Sensory integration disorders are referred to as problems with the proper processing of sensations that are received by the senses in children. We can notice the first symptoms of such disorders as early as infancy.
By definition, sensory integration is the orderly organization of sensory stimuli that our body receives through sensory systems, known as receptors. The nervous system has the task of recognizing the incoming stimuli, and then interpreting them and enabling it to elicit an adequate response, called an adaptive response. Sight, hearing, touch, balance and kinaesthesia (sense of movement in space) make up the sensory system, which plays an important role in sensory integration processes.
While still in fetal life, sensory integration processes begin to develop. The vestibular, proprioceptive and tactile systems are then formed.

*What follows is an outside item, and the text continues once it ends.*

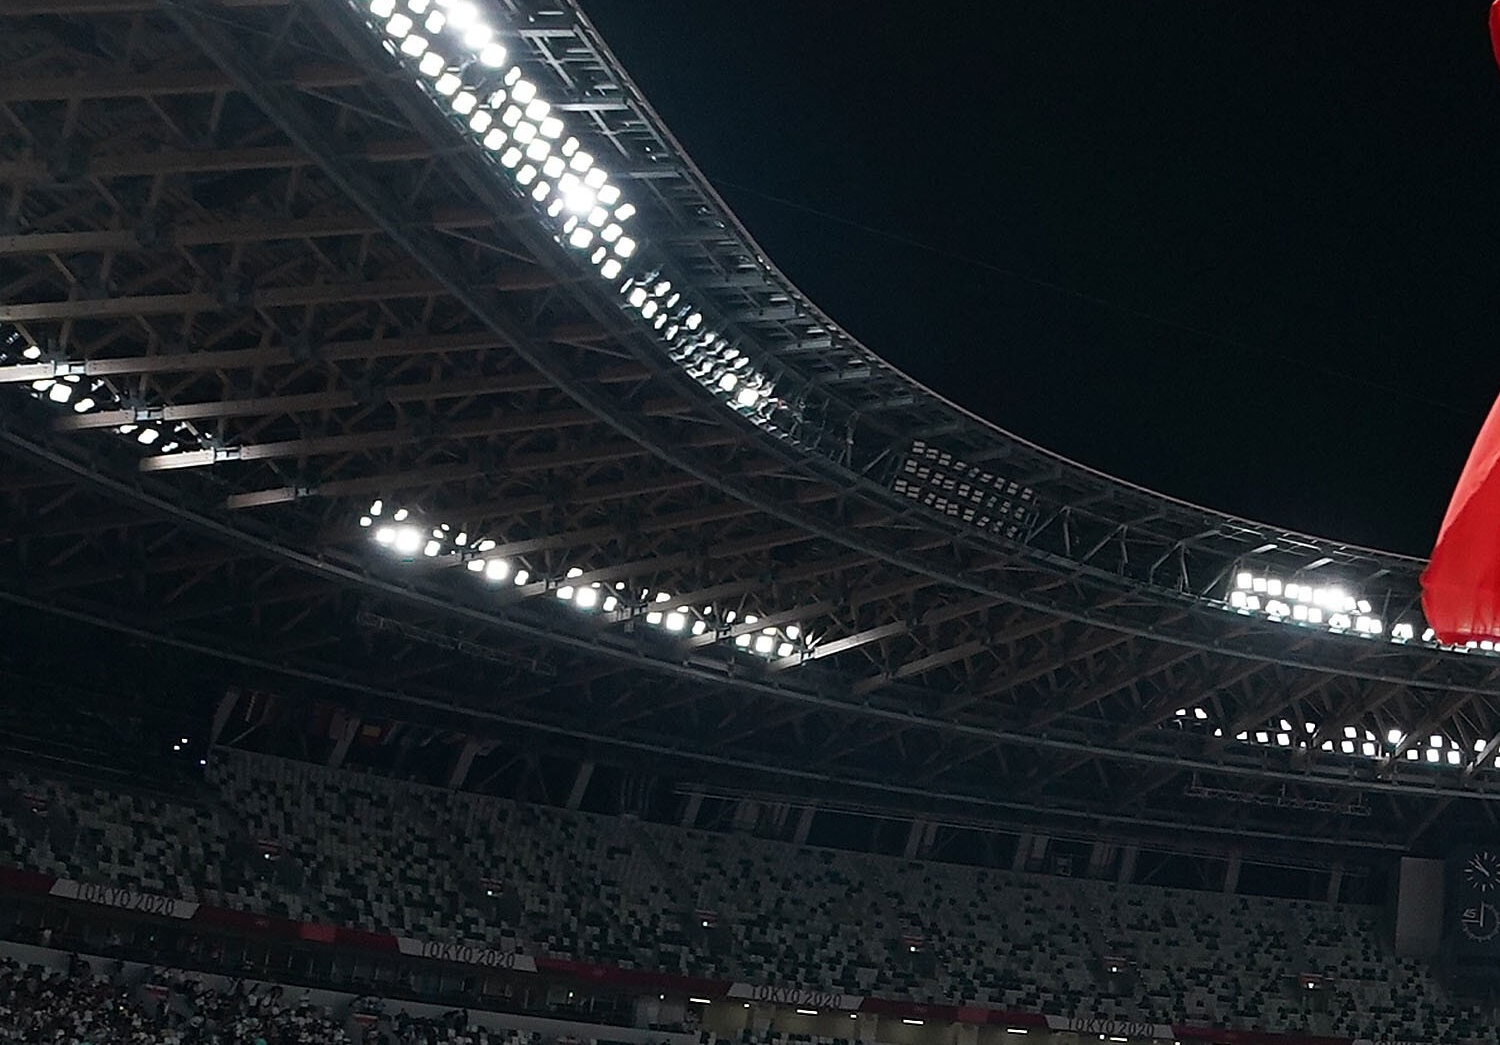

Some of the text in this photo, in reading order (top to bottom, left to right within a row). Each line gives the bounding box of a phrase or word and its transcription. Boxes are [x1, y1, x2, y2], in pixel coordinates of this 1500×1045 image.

Subsequent phases of development and refinement of all sensory systems continue for several more years after birth, usually until around the age of eight. In some, however, this development process may proceed in a disordered manner. It is estimated that the problem of sensory integration disorders affects up to 20% of children.
Sensory integration disorders – causes
What can be the reasons for the appearance of sensory integration disorders? There may be many of them. For this reason, the specialist should always conduct a detailed interview with the child’s caregivers. Abnormalities are sometimes found already at the stage of prenatal development. For this reason, it is important to know exactly the period of pregnancy and the mode of delivery.
Sensory integration disorders are often due to genetic predisposition, although not only. Of significance are the negative effects of toxic substances consumed during pregnancy (both cigarettes, alcohol, drugs and some medications can be harmful), infectious diseases of the mother or complications during childbirth.
On the other hand, after birth, later in the child’s development, the development of sensory integration disorders is also influenced by environmental factors, cultural conditions, limited interaction with peers and even frequent and long hospital stays.
Types of sensory integration disorders
We currently distinguish between three categories of sensory disorders in children. In the area of sensory processing problems, sensory modulation, motor and sensory differentiation disorders are distinguished.
Motor disorders most often refer to problems with movement in the broadest sense. This refers to the planning of movement itself and the performance of various activities. Sensory differentiation disorders, on the other hand, manifest themselves in the situation of necessary differentiation of emerging sensory stimuli.
The main symptoms of sensory integration dysfunction
Among the most basic symptoms of sensory integration disorders are:
- impaired eye-hand coordination,
- emotional hyperactivity,
- speech disorders,
- Increased or decreased sensitivity to stimuli,
- problems with focusing and concentrating attention,
- problems with writing, drawing and reading,
- low self-esteem,
- hyperactivity or significantly reduced activity,
- Difficulties in daily, self-care activities,
- motor clumsiness,
- difficulties in distinguishing sides, sense of direction,
- impaired interaction with other children.